Alice-wonderland-lewis-carrollAlice’s Adventures in Wonderland by Lewis Carroll, together with its sequel, Through the Looking-Glass, are two of the most puzzling books of all time, considered to be “the most popular children’s classic in the English language” (Cohen 1995: xix). Both are children’s fantasy books (Wells 1993) with a content and style that have often appealed as much to adult readers as to the young.

Lewis Carroll was born Charles Lutwidge Dodgson in Daresbury, Cheshire, on January 27, 1832.  He was educated at Rugby and at Christ Church College, University of Oxford, and become a member of the faculty of mathematics at Oxford. He was the author of several mathematical treatises, including one called Euclid and His Modern Rivals (1879). The publication of the Alice books was followed by Phantasmagoria and Other Poems (1869), The Hunting of the Snark (1876), and a novel in two volumes, Sylvie and Bruno (1889-93).

Always a friend of children, particularly little girls, Carroll wrote thousands of letters to them, delightful flights of fantasy, many illustrated with little sketches. Carroll gained an additional measure of fame as an amateur photographer. Most of his camera portraits were of children in various costumes and poses, including nude studies, but he did portraits of adults too. Apparently, because his posing of children was criticized, he abandoned photography in 1880. He died at Guildford, Surrey, on January 14, 1898.

Alice’s Adventures in Wonderland was published in 1865. It was written with a particular child in mind, Alice Liddell, a daughter of Henry George Liddell, Dean of Christ Church College, and had the working title Alice’s Adventures Under Ground. As suggested by the title, it is indeed a tale of a trip beneath the normal level of existence. Alice follows a certain White Rabbit down a rabbit hole from the riverside in a dream. This alternate reality has its own internal logic. This logic is played out by now well-known characters such as the Mad Hatter, the Queen of Hearts, the Mock Turtle, the Cheshire Cat, the Caterpillar, and the March Hare whose tea parties and games have taken their place in the folklore of the real world through generations of readers. Unusual for 19th century children’s literature, the story has no moral dimension to speak of, but it does preach caution and other common sense values in the choices made by Alice that take her deeper into the wonderland.
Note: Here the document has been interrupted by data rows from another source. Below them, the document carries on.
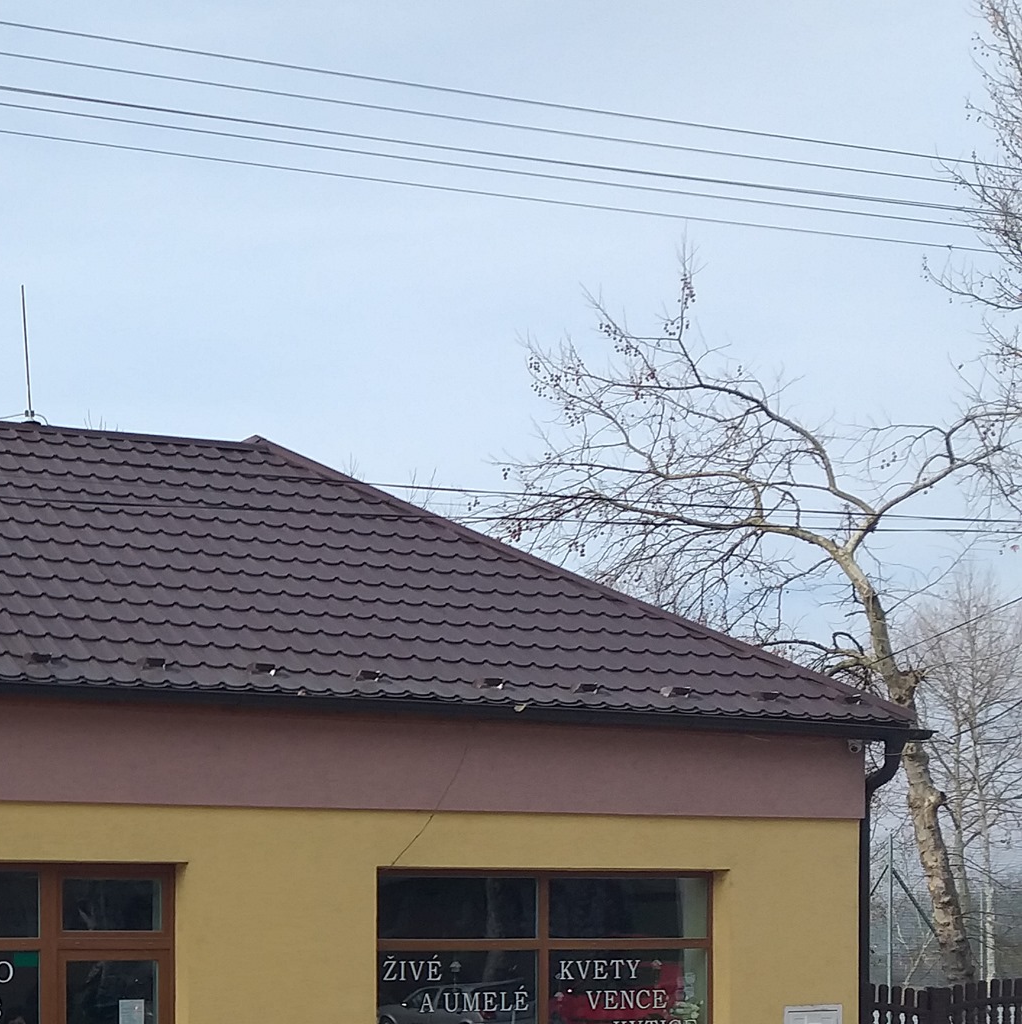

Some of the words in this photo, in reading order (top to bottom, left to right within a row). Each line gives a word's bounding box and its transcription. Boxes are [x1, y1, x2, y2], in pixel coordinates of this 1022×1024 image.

[382, 954, 443, 982] ŽIVÉ
[558, 959, 641, 980] KVETY
[419, 993, 435, 1013] A
[443, 985, 529, 1013] UMELÉ
[585, 989, 668, 1010] VENCE
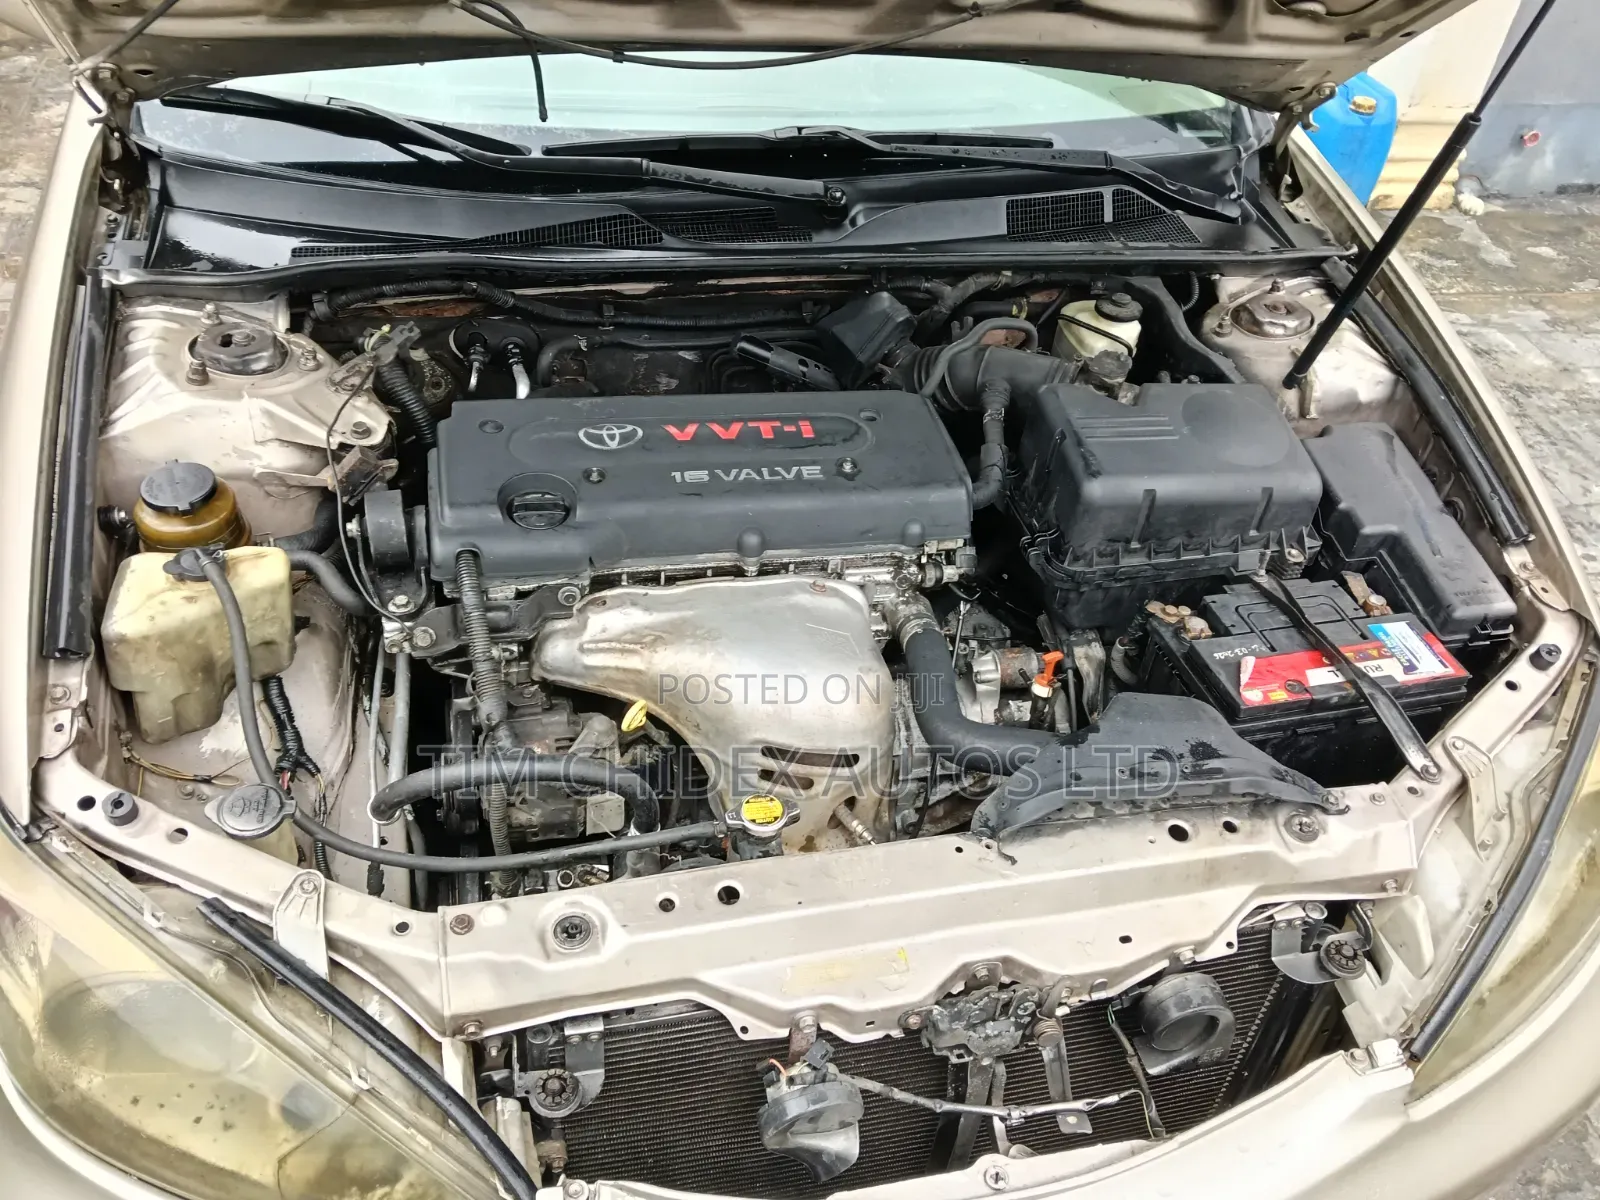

Looking-glass-lewis-carrollThrough the Looking-Glass was published in 1872, seven years after Alice’s Adventures in Wonderland. The same absence of a moral to drive the story and the dream like atmosphere are two of the basic elements that echo the previous book. Alice, continuing her slumber journey, walks through a mirror into the Looking-Glass House. Reality is thus twisted, and nothing can be trusted. She meets a series of characters, now familiar to most, Tweedledum, Tweedledee, and the Walrus being just a few examples. These characters have become so much part of our language that they can be found in dictionaries. Many of Carroll’s words may seem like nonsense to us, but may have held more meaning for Victorians reading his books (Gardner 2000: 196). At the end of the story Alice changes the red queen into a kitten, overlapping with her real life where she had fallen asleep playing with different colored cats.

The Alice books, which have made the name of Lewis Carroll famous throughout the world, have been translated into many languages. On their first publication, the works, illustrated by the English cartoonist John Tenniel, became immediately popular as books for children.

Resources:

  • Cohen, N.M. (1995) Lewis Carroll: A Bibliography. London: Macmillan.
  • Gardner, M. (ed.) (2000) The Annotated Alice. London: Penguin.
  • Wells, E. (1993) Fantasy or Reality?

(Fragment from The Matrix and the Alice Books by Voicu Mihnea Simandan, p.40-42)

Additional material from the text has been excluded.